┌─ RECORDS FOR THIS EXERCISE

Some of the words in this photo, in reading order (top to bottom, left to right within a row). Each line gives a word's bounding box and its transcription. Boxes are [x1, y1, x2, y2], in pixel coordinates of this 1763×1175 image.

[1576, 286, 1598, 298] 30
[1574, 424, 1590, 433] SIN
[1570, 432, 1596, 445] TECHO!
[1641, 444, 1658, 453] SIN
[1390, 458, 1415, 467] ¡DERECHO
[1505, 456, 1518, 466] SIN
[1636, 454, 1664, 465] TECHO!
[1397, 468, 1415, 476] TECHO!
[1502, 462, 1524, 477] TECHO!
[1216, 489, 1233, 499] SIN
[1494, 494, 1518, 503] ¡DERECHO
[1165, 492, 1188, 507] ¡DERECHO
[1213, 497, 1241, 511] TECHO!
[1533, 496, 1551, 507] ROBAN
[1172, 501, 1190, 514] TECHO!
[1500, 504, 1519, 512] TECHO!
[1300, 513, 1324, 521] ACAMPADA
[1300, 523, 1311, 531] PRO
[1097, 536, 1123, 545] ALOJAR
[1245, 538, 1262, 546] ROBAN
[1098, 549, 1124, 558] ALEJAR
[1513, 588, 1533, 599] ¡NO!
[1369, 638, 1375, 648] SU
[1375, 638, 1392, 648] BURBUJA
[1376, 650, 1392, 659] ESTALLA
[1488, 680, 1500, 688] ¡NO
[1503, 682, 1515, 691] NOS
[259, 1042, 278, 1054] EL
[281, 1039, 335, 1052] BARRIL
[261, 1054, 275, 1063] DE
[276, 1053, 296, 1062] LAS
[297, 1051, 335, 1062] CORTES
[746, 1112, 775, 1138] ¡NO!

└─

## TASK PROMPT:
With the material above as the source, restate each line word for word.

## FINAL ANSWER:
Some of the words in this photo, in reading order (top to bottom, left to right within a row). Each line gives a word's bounding box and its transcription. Boxes are [x1, y1, x2, y2], in pixel coordinates of this 1763×1175 image.

[1576, 286, 1598, 298] 30
[1574, 424, 1590, 433] SIN
[1570, 432, 1596, 445] TECHO!
[1641, 444, 1658, 453] SIN
[1390, 458, 1415, 467] ¡DERECHO
[1505, 456, 1518, 466] SIN
[1636, 454, 1664, 465] TECHO!
[1397, 468, 1415, 476] TECHO!
[1502, 462, 1524, 477] TECHO!
[1216, 489, 1233, 499] SIN
[1494, 494, 1518, 503] ¡DERECHO
[1165, 492, 1188, 507] ¡DERECHO
[1213, 497, 1241, 511] TECHO!
[1533, 496, 1551, 507] ROBAN
[1172, 501, 1190, 514] TECHO!
[1500, 504, 1519, 512] TECHO!
[1300, 513, 1324, 521] ACAMPADA
[1300, 523, 1311, 531] PRO
[1097, 536, 1123, 545] ALOJAR
[1245, 538, 1262, 546] ROBAN
[1098, 549, 1124, 558] ALEJAR
[1513, 588, 1533, 599] ¡NO!
[1369, 638, 1375, 648] SU
[1375, 638, 1392, 648] BURBUJA
[1376, 650, 1392, 659] ESTALLA
[1488, 680, 1500, 688] ¡NO
[1503, 682, 1515, 691] NOS
[259, 1042, 278, 1054] EL
[281, 1039, 335, 1052] BARRIL
[261, 1054, 275, 1063] DE
[276, 1053, 296, 1062] LAS
[297, 1051, 335, 1062] CORTES
[746, 1112, 775, 1138] ¡NO!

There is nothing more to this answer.